• **Task item**
Keep each entry exactly as written when you repeat it, and skip the images.

• **Given records**
========================================================================

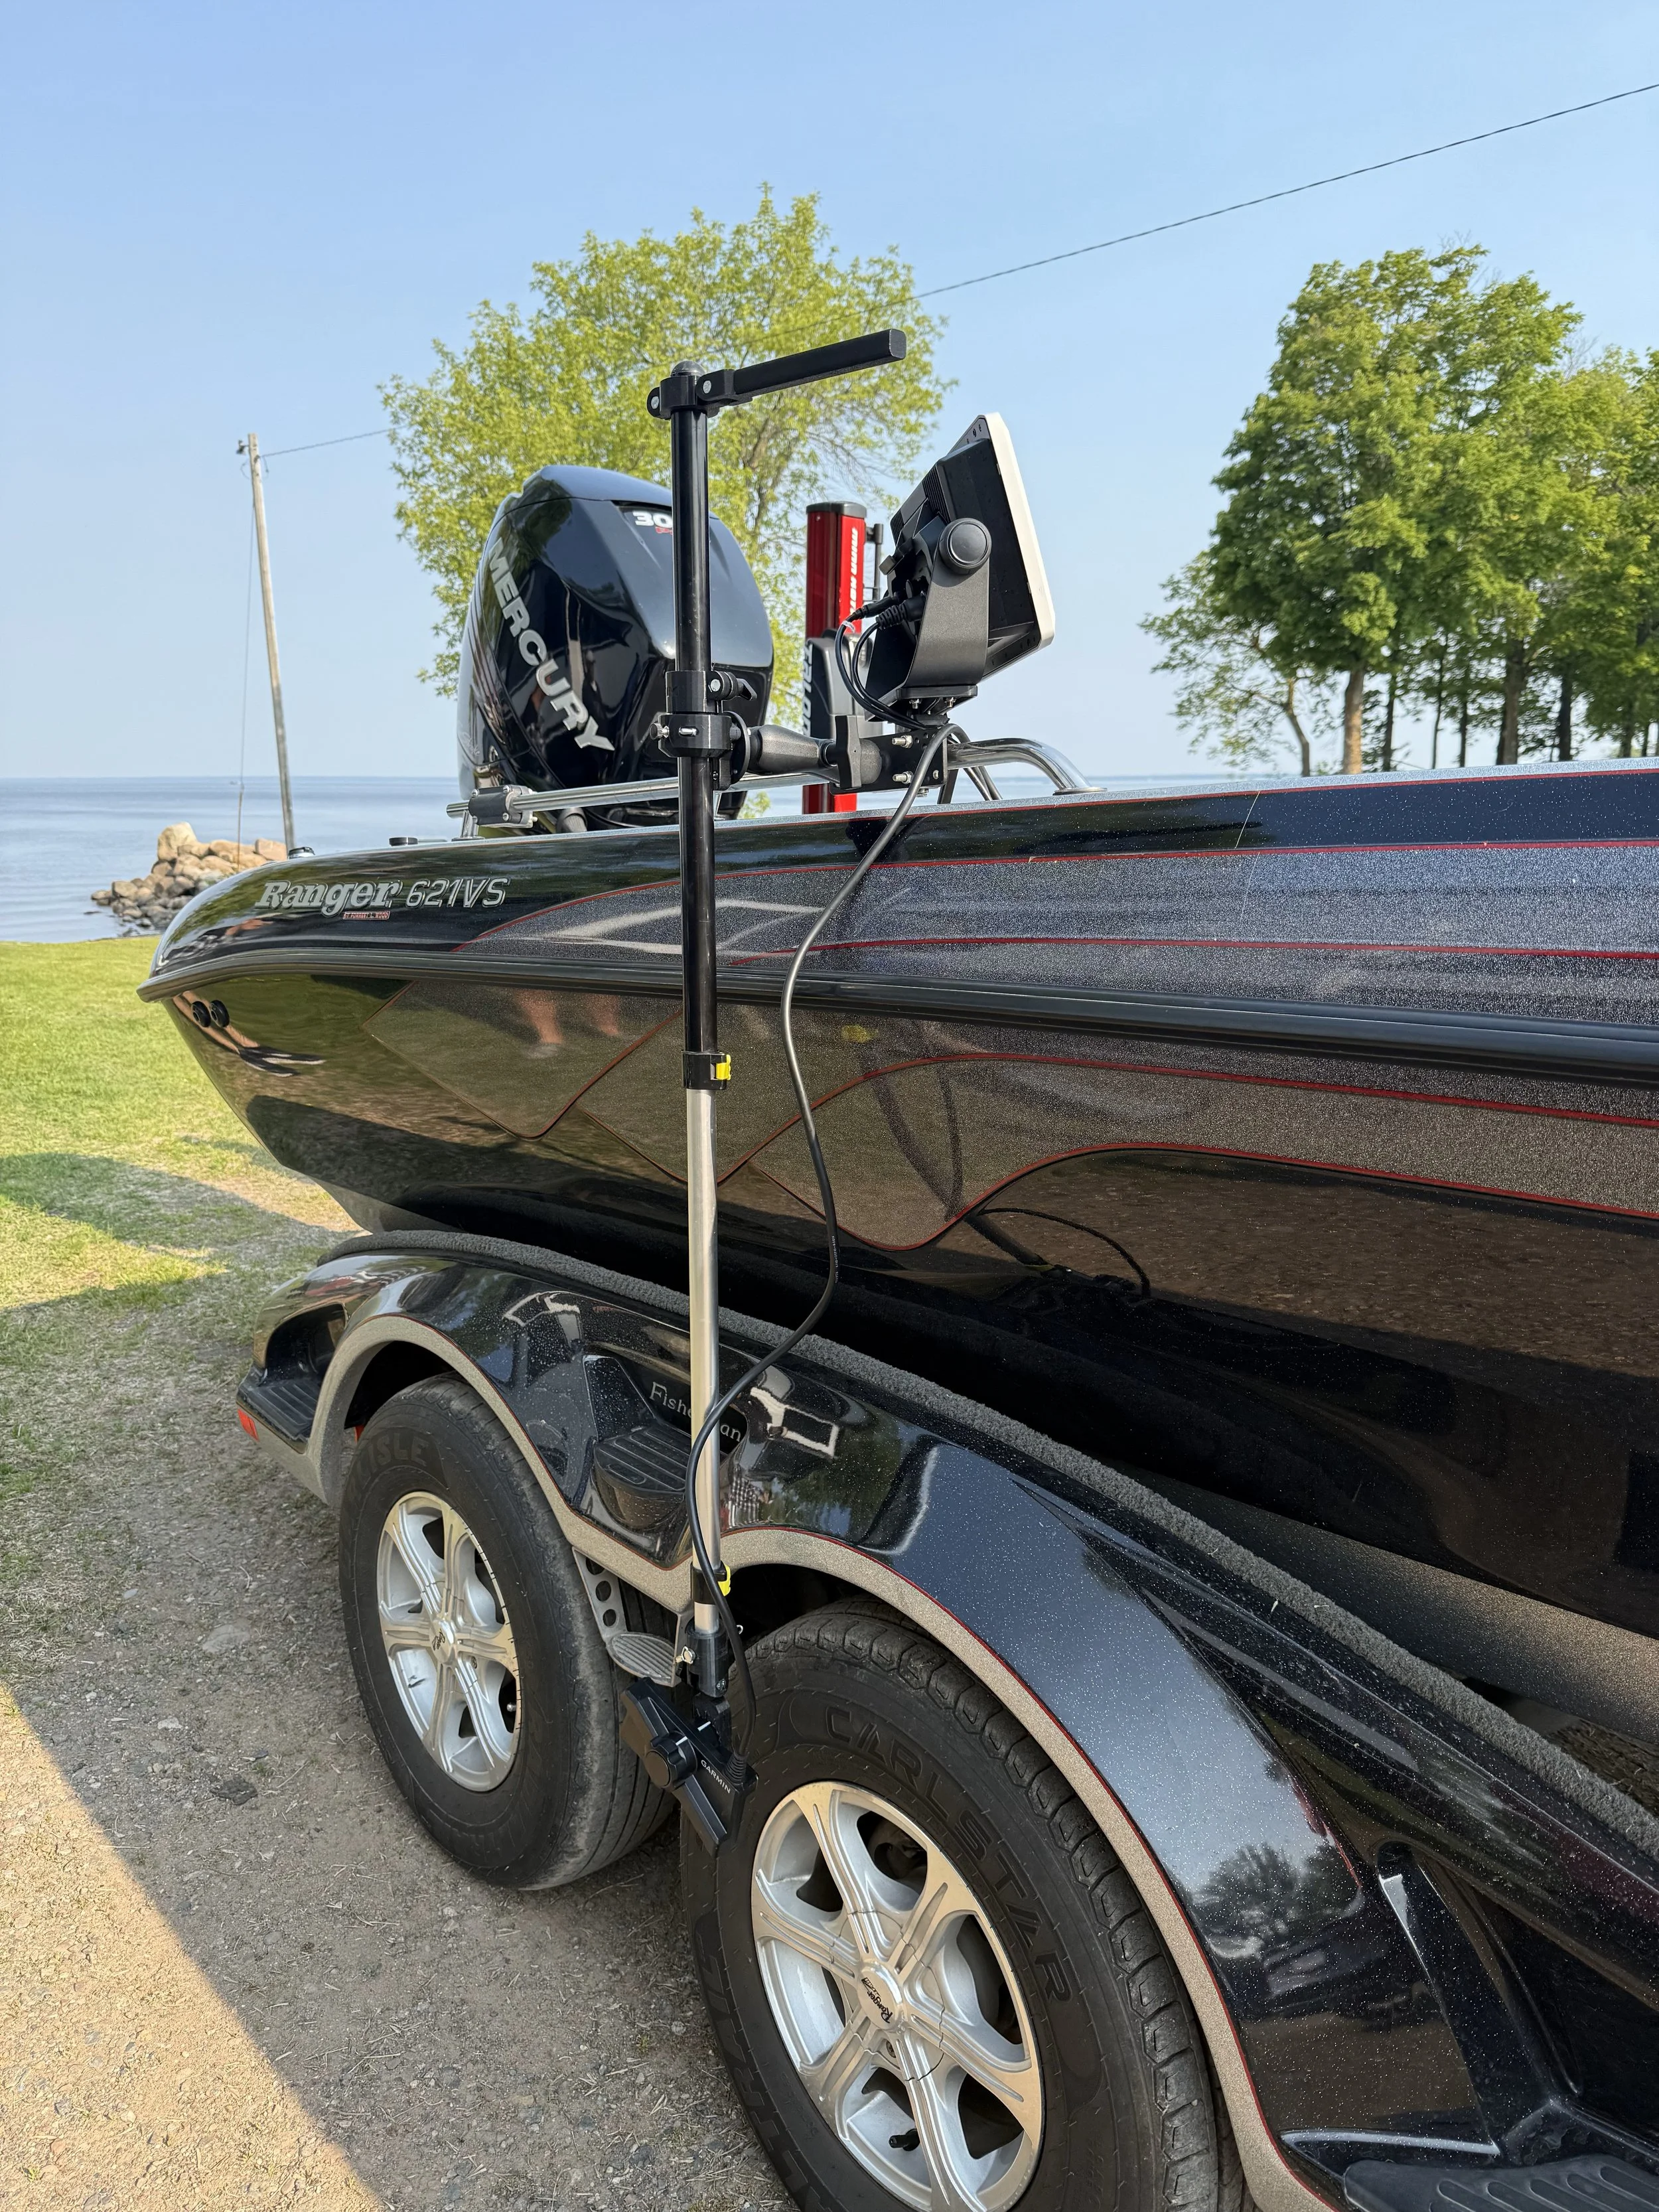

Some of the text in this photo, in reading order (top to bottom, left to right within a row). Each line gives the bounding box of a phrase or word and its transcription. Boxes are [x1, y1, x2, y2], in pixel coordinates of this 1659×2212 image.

[632, 510, 673, 529] 30
[488, 537, 614, 751] MERCURY
[255, 877, 511, 918] Ranger 621VS
[650, 1381, 742, 1443] Fishan
[700, 1759, 731, 1795] GARMIN
[867, 1990, 893, 2024] Ranger

========================================================================

• **Response**
Some of the text in this photo, in reading order (top to bottom, left to right within a row). Each line gives the bounding box of a phrase or word and its transcription. Boxes are [x1, y1, x2, y2], in pixel coordinates of this 1659×2212 image.

[632, 510, 673, 529] 30
[488, 537, 614, 751] MERCURY
[255, 877, 511, 918] Ranger 621VS
[650, 1381, 742, 1443] Fishan
[700, 1759, 731, 1795] GARMIN
[867, 1990, 893, 2024] Ranger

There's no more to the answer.